Exercise instructions.
Line by line, copy the entries exactly, excluding the pictures.

== == ==

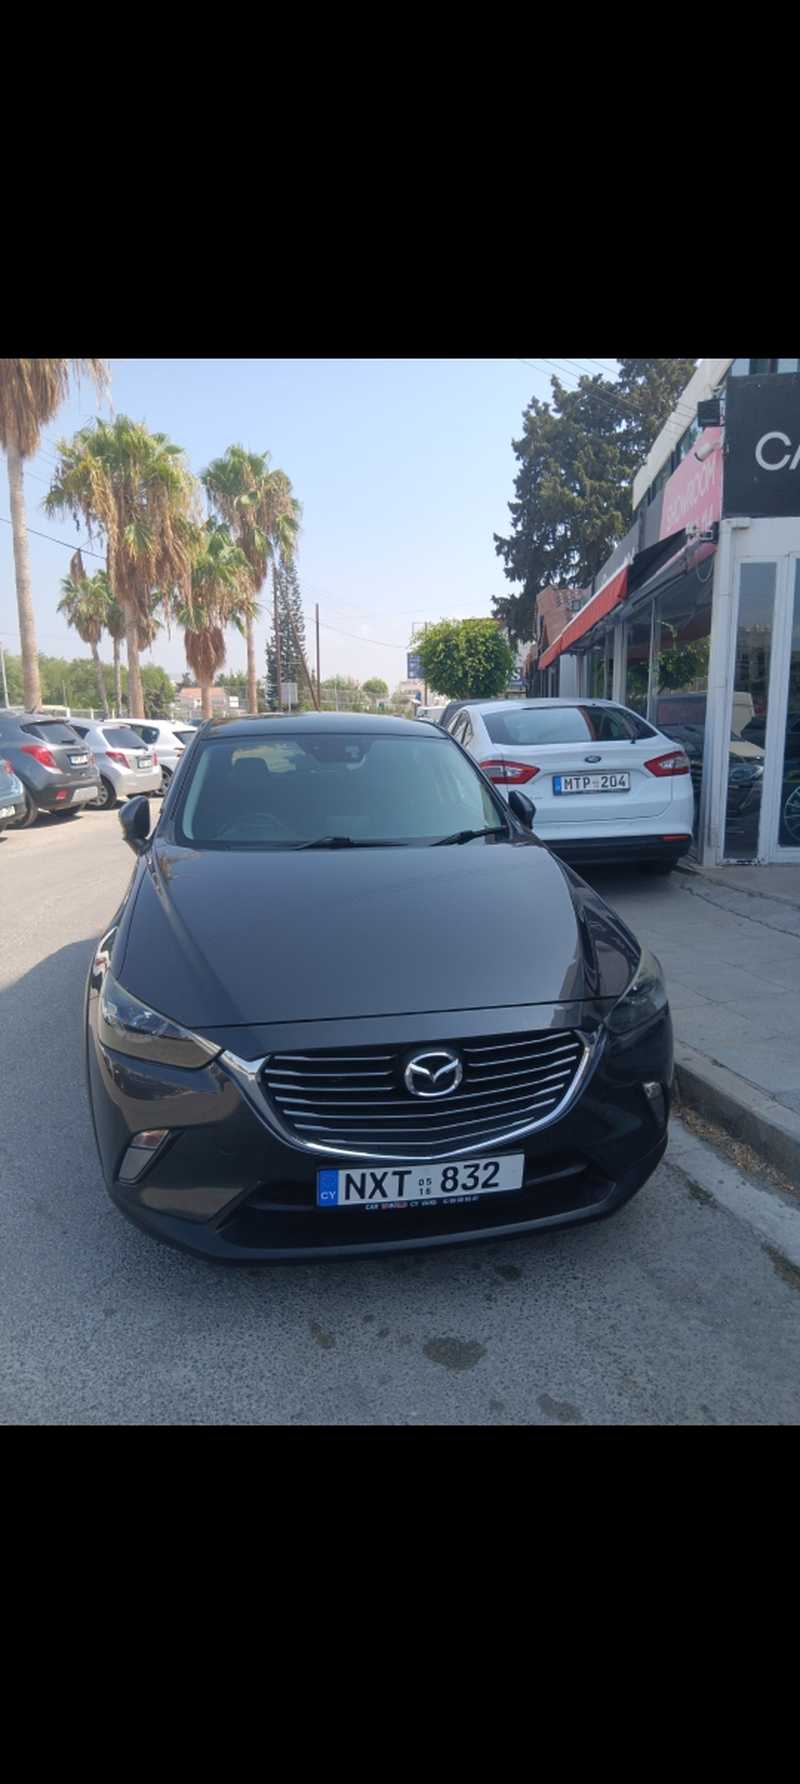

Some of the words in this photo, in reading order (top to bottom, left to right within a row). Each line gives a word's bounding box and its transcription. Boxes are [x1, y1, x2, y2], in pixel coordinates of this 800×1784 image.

[564, 776, 590, 790] MTP
[601, 775, 626, 788] 204
[345, 1170, 412, 1200] NXT
[441, 1161, 500, 1193] 832
[320, 1191, 336, 1200] CY
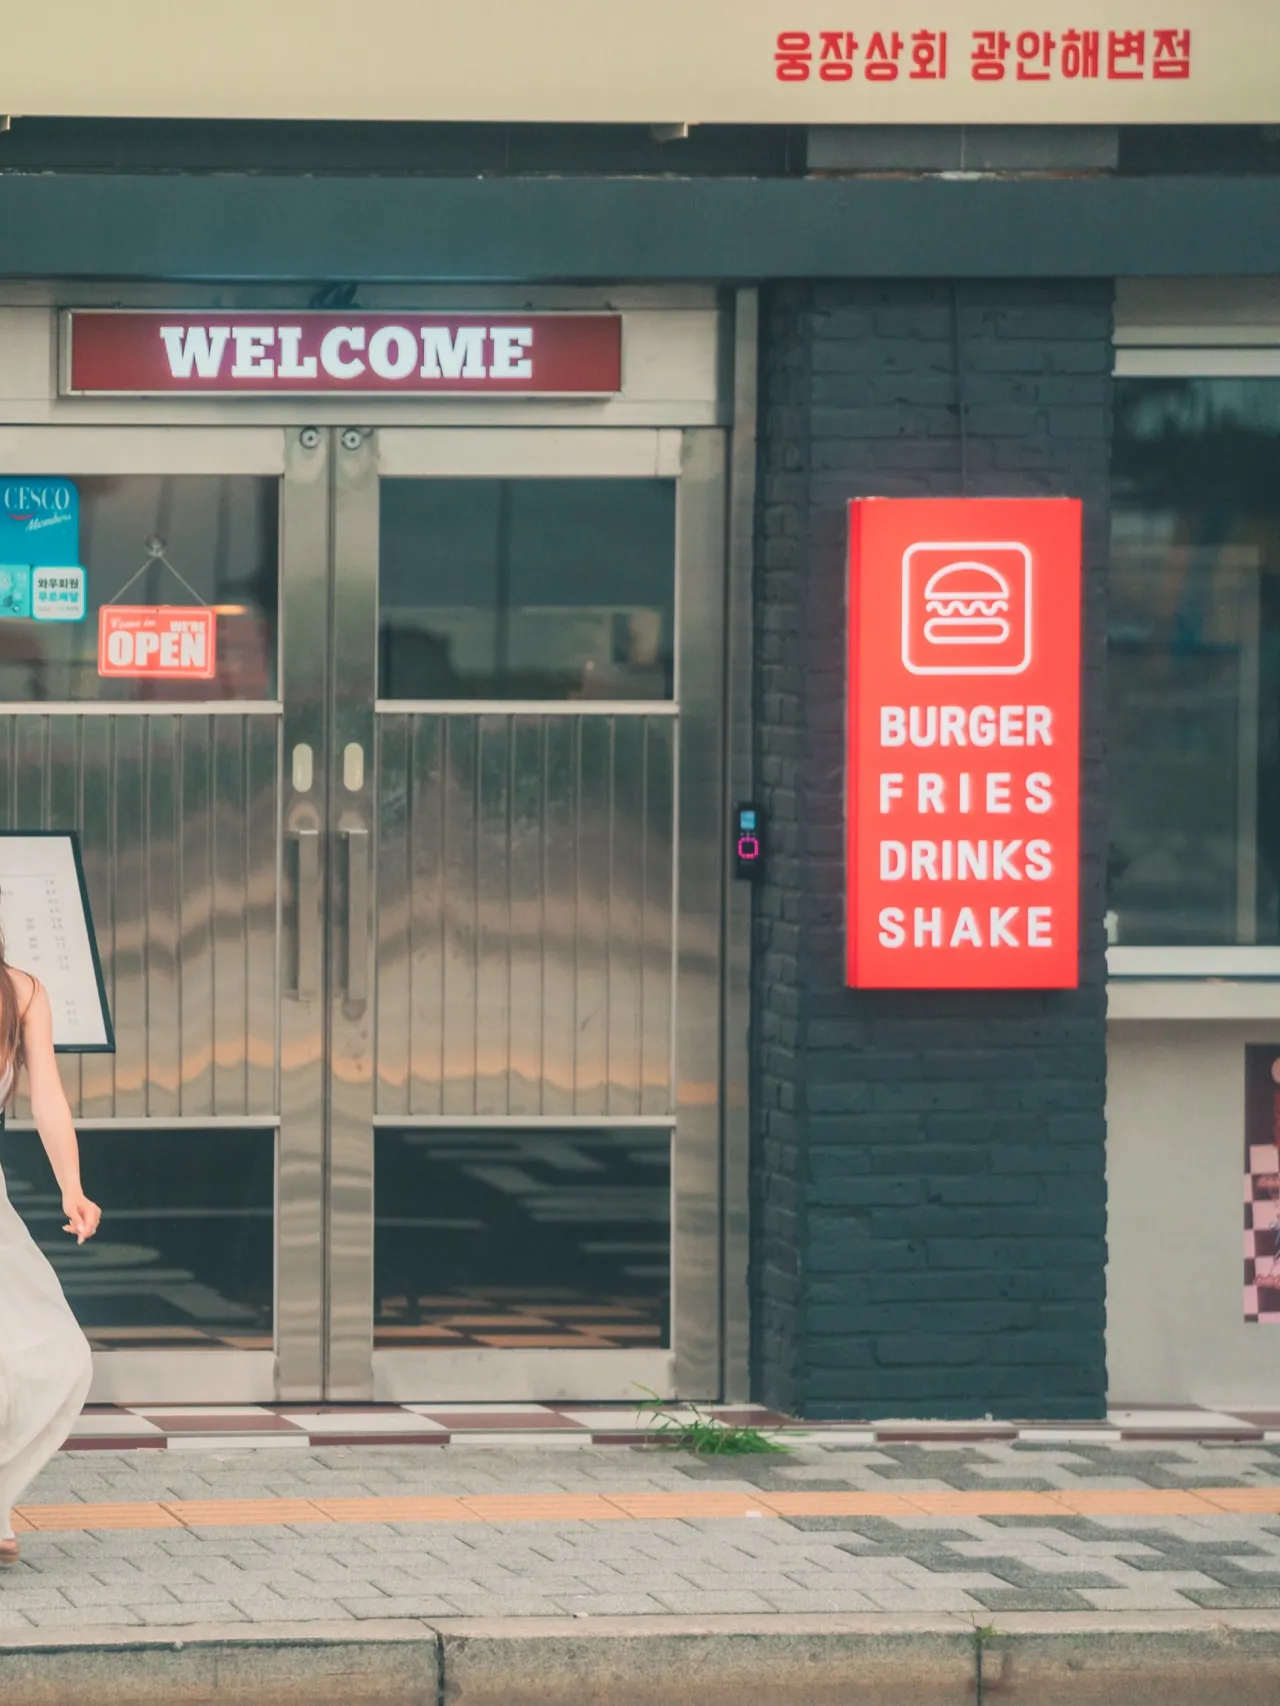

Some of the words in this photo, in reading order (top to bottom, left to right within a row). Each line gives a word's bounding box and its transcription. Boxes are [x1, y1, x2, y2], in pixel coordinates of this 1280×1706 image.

[773, 29, 948, 83] 웅장상회
[970, 28, 1191, 82] 광안해변점
[160, 325, 533, 380] WELCOME
[4, 485, 70, 511] CESCO
[25, 512, 72, 532] Members
[107, 630, 206, 668] OPEN
[879, 705, 1054, 747] BURGER
[879, 772, 1054, 814] FRIES
[879, 839, 1054, 881] DRINKS
[878, 905, 1054, 948] SHAKE
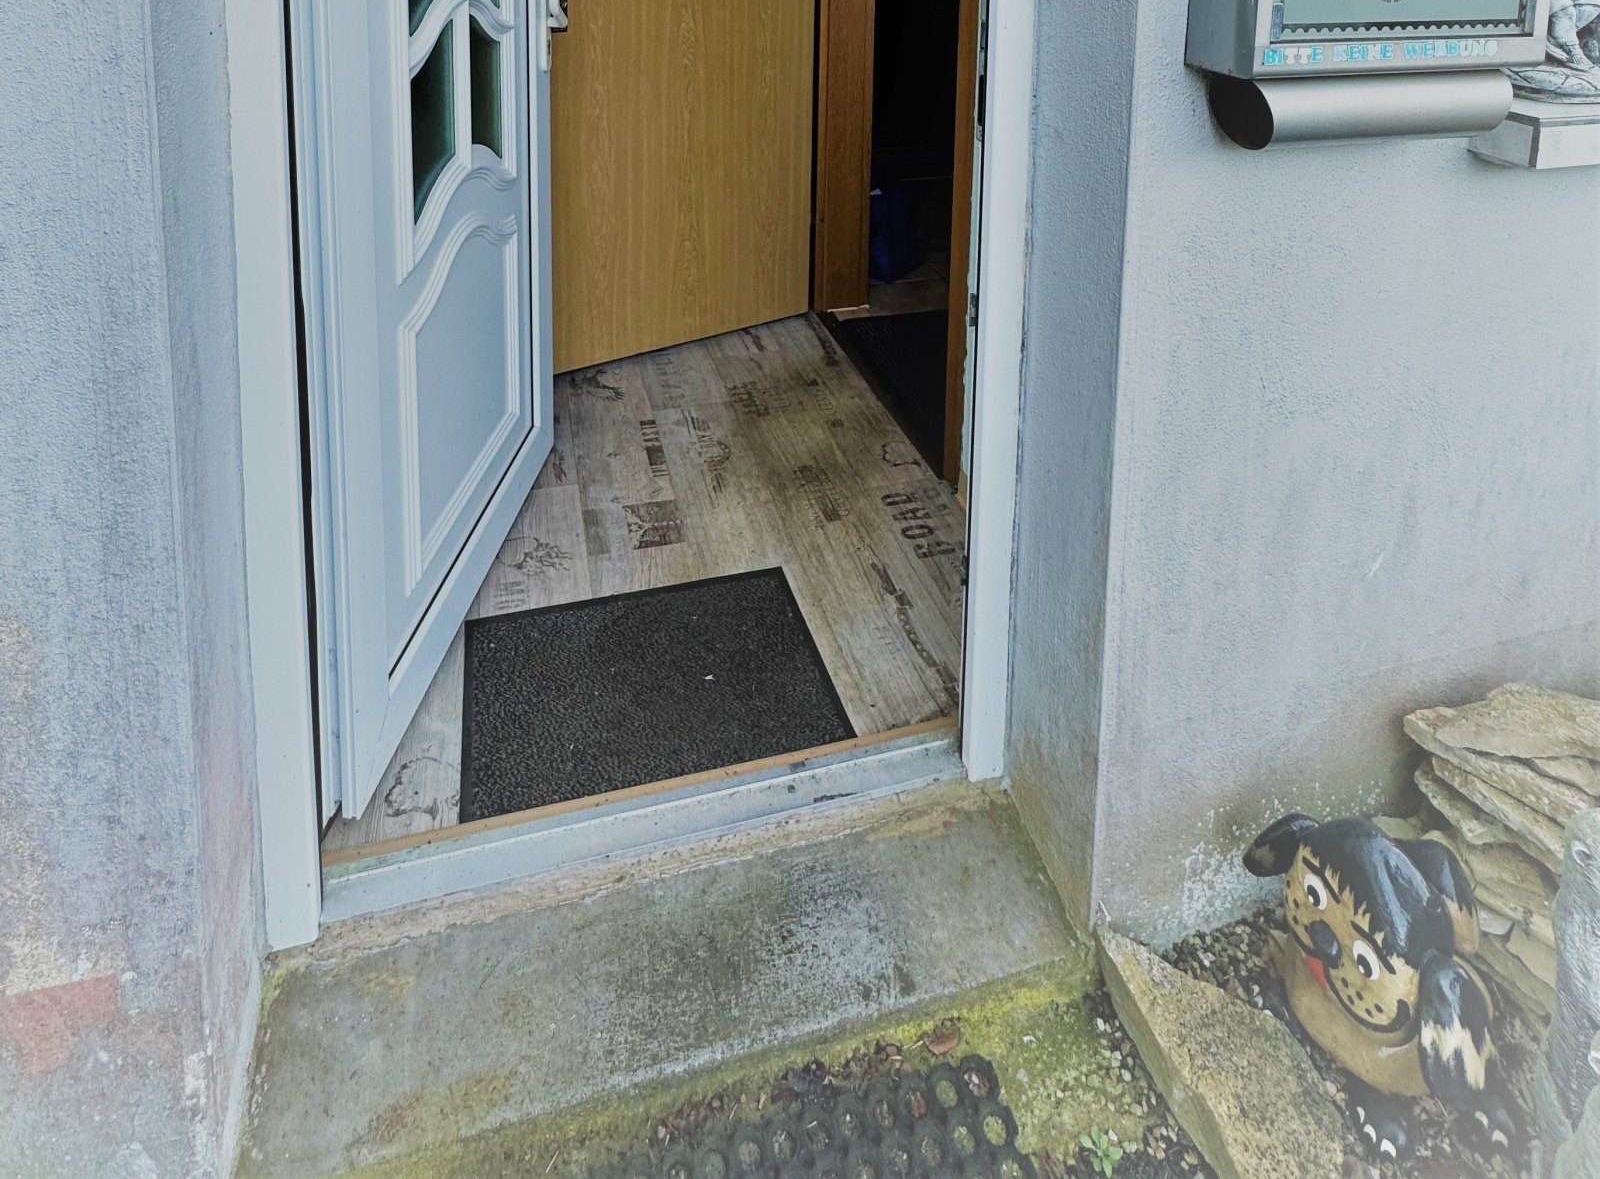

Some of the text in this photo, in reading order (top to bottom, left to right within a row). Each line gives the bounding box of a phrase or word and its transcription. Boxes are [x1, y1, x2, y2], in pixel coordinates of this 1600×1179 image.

[1263, 38, 1498, 66] BITTE KEINE WERBUNG
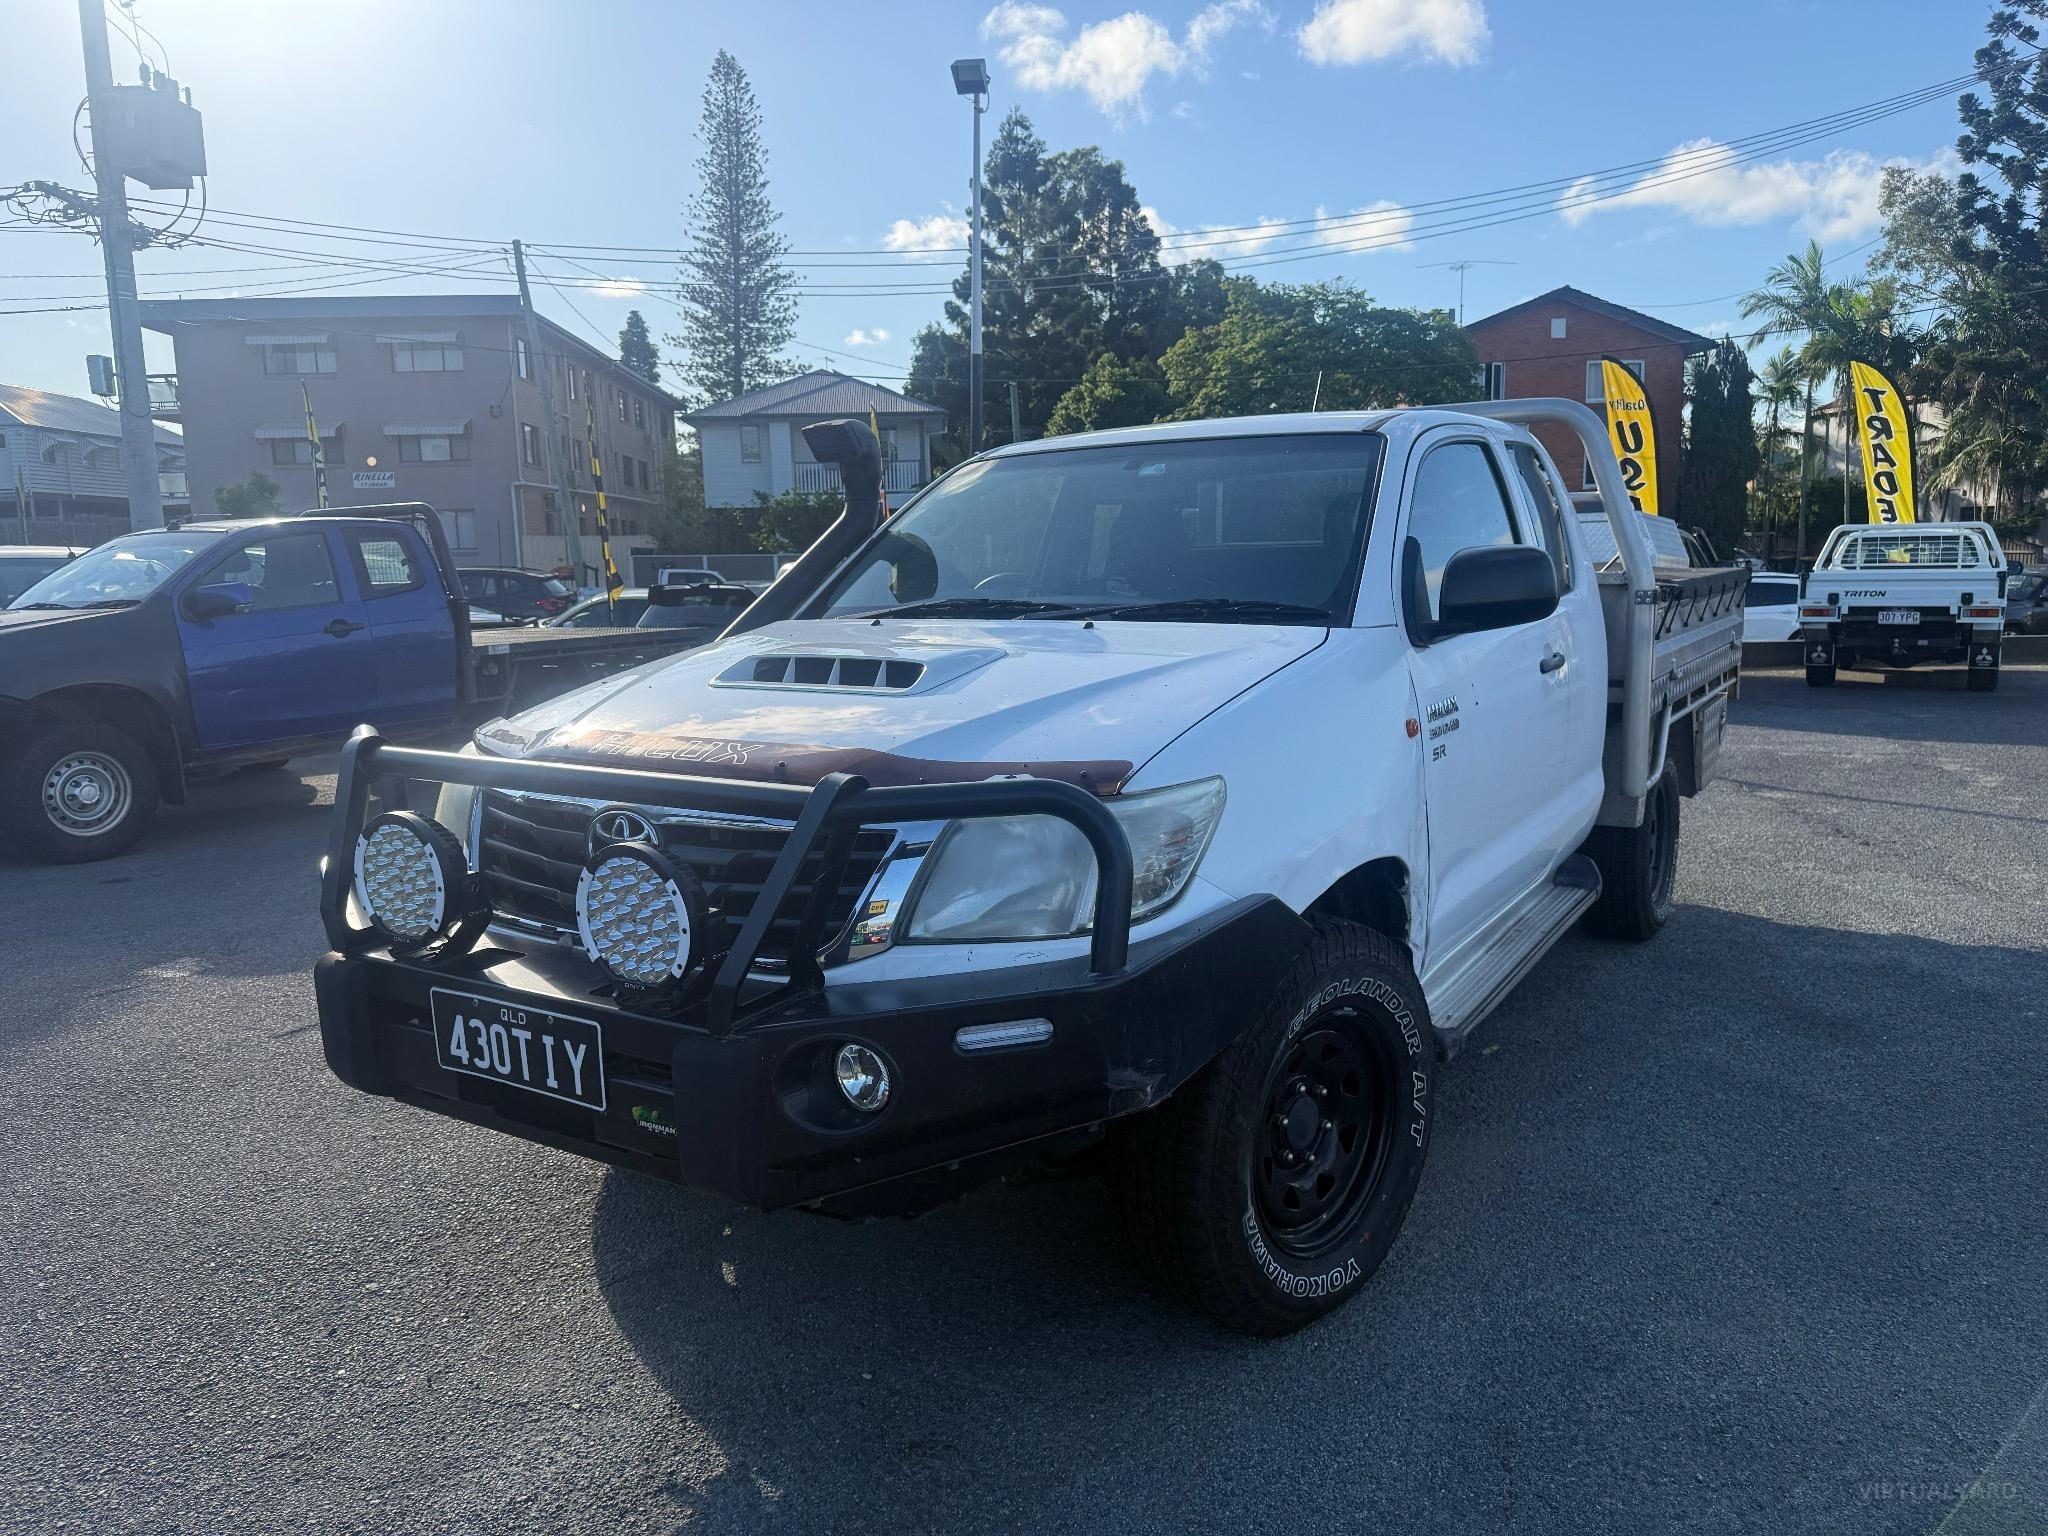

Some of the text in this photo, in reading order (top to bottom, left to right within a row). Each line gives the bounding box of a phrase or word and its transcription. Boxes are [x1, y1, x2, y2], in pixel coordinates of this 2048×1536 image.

[353, 472, 394, 481] RINELLA
[1843, 590, 1886, 598] TRITON
[1879, 612, 1918, 622] 307 YPG
[1426, 695, 1459, 723] HILUX
[588, 734, 765, 765] HILUX
[1432, 743, 1447, 762] SR
[500, 1008, 527, 1025] QLD
[1288, 977, 1427, 1147] GEOLANDAR A/T
[639, 1120, 677, 1135] IRONMAN
[1242, 1207, 1362, 1297] YOKOHAMA

== == ==

Exercise response.
Some of the words in this photo, in reading order (top to bottom, left to right within a row). Each line gives a word's bounding box and its transcription. Boxes are [x1, y1, x2, y2], in pixel coordinates of this 800×1784 image.

[564, 776, 590, 790] MTP
[601, 775, 626, 788] 204
[345, 1170, 412, 1200] NXT
[441, 1161, 500, 1193] 832
[320, 1191, 336, 1200] CY

Some of the words in this photo, in reading order (top to bottom, left to right within a row). Each line gives a word's bounding box and its transcription. Boxes are [x1, y1, x2, y2], in pixel coordinates of this 1280×1706 image.

[773, 29, 948, 83] 웅장상회
[970, 28, 1191, 82] 광안해변점
[160, 325, 533, 380] WELCOME
[4, 485, 70, 511] CESCO
[25, 512, 72, 532] Members
[107, 630, 206, 668] OPEN
[879, 705, 1054, 747] BURGER
[879, 772, 1054, 814] FRIES
[879, 839, 1054, 881] DRINKS
[878, 905, 1054, 948] SHAKE

Some of the text in this photo, in reading order (top to bottom, left to right within a row). Each line gives the bounding box of a phrase or word and its transcription. Boxes are [x1, y1, x2, y2], in pixel coordinates of this 1600×1179 image.

[1263, 38, 1498, 66] BITTE KEINE WERBUNG

Some of the text in this photo, in reading order (top to bottom, left to right within a row). Each line gives the bounding box of a phrase or word and its transcription. Boxes are [x1, y1, x2, y2], in pixel coordinates of this 2048×1536 image.

[353, 472, 394, 481] RINELLA
[1843, 590, 1886, 598] TRITON
[1879, 612, 1918, 622] 307 YPG
[1426, 695, 1459, 723] HILUX
[588, 734, 765, 765] HILUX
[1432, 743, 1447, 762] SR
[500, 1008, 527, 1025] QLD
[1288, 977, 1427, 1147] GEOLANDAR A/T
[639, 1120, 677, 1135] IRONMAN
[1242, 1207, 1362, 1297] YOKOHAMA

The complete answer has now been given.